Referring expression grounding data
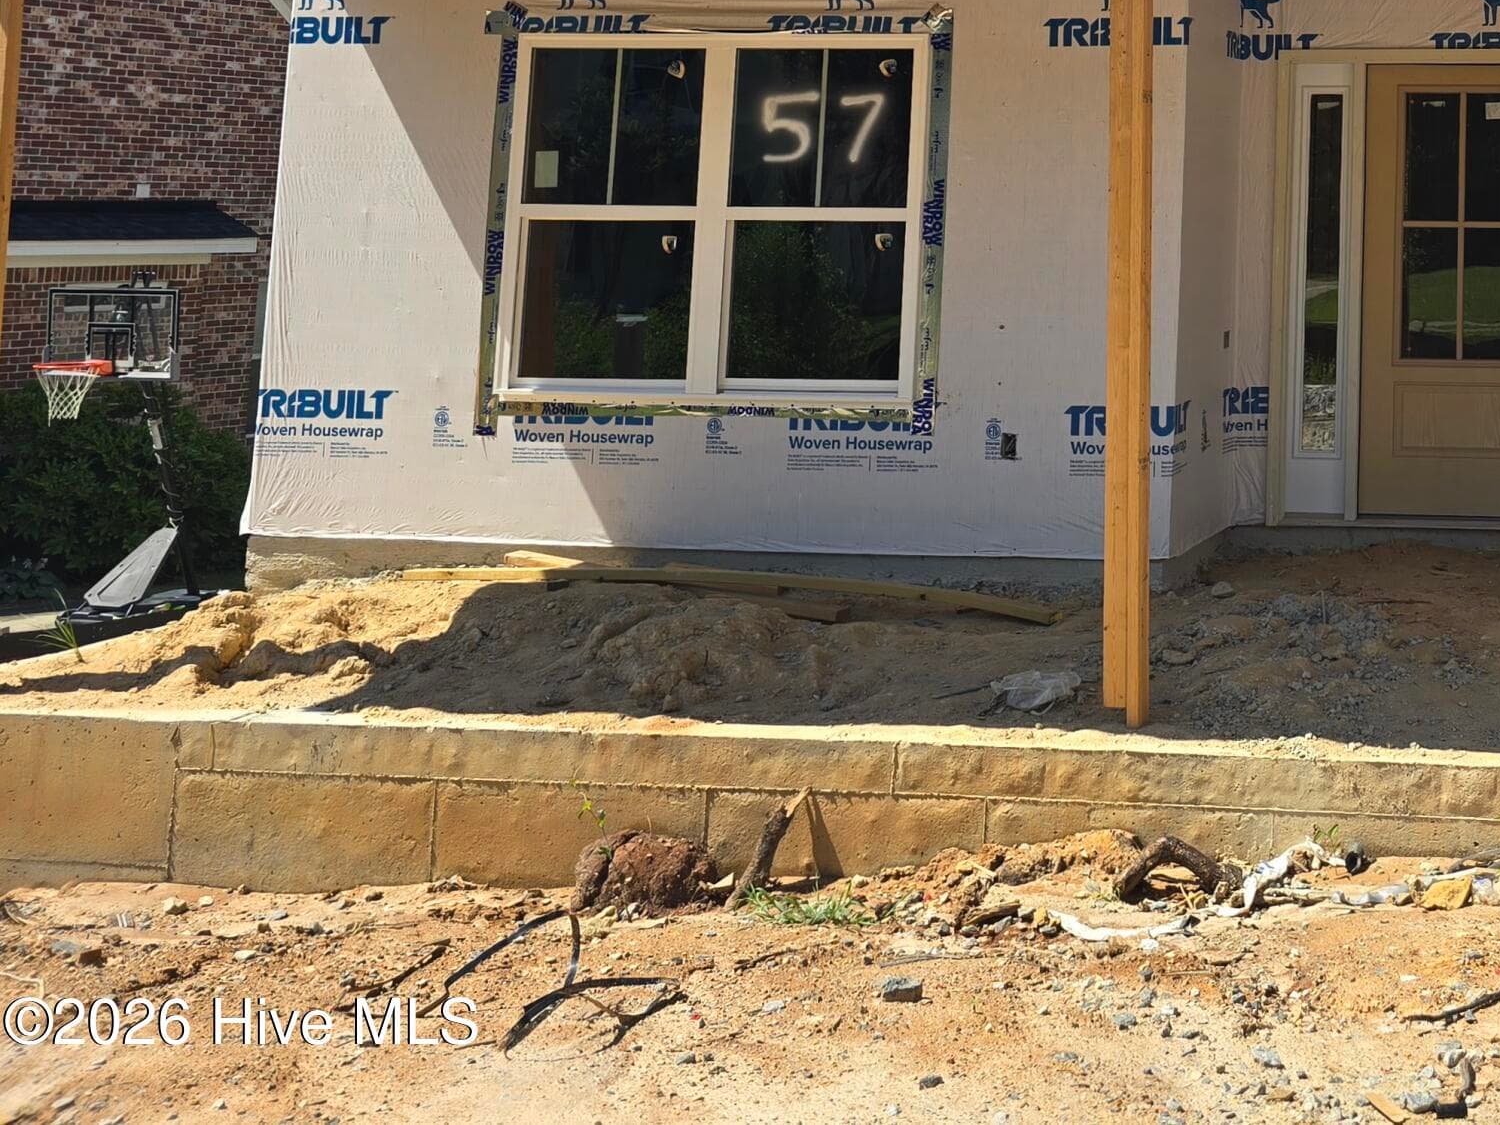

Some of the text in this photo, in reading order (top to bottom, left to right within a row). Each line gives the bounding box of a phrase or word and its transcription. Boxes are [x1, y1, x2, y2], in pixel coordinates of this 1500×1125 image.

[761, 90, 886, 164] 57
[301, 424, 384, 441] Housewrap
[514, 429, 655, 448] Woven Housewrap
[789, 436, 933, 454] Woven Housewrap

Exercise description:
If a record holds a picture, leave the picture out and copy the rest exactly.

Solution to this task:
Some of the text in this photo, in reading order (top to bottom, left to right within a row). Each line gives the bounding box of a phrase or word and its transcription. Boxes are [x1, y1, x2, y2], in pixel coordinates of this 1500×1125 image.

[761, 90, 886, 164] 57
[301, 424, 384, 441] Housewrap
[514, 429, 655, 448] Woven Housewrap
[789, 436, 933, 454] Woven Housewrap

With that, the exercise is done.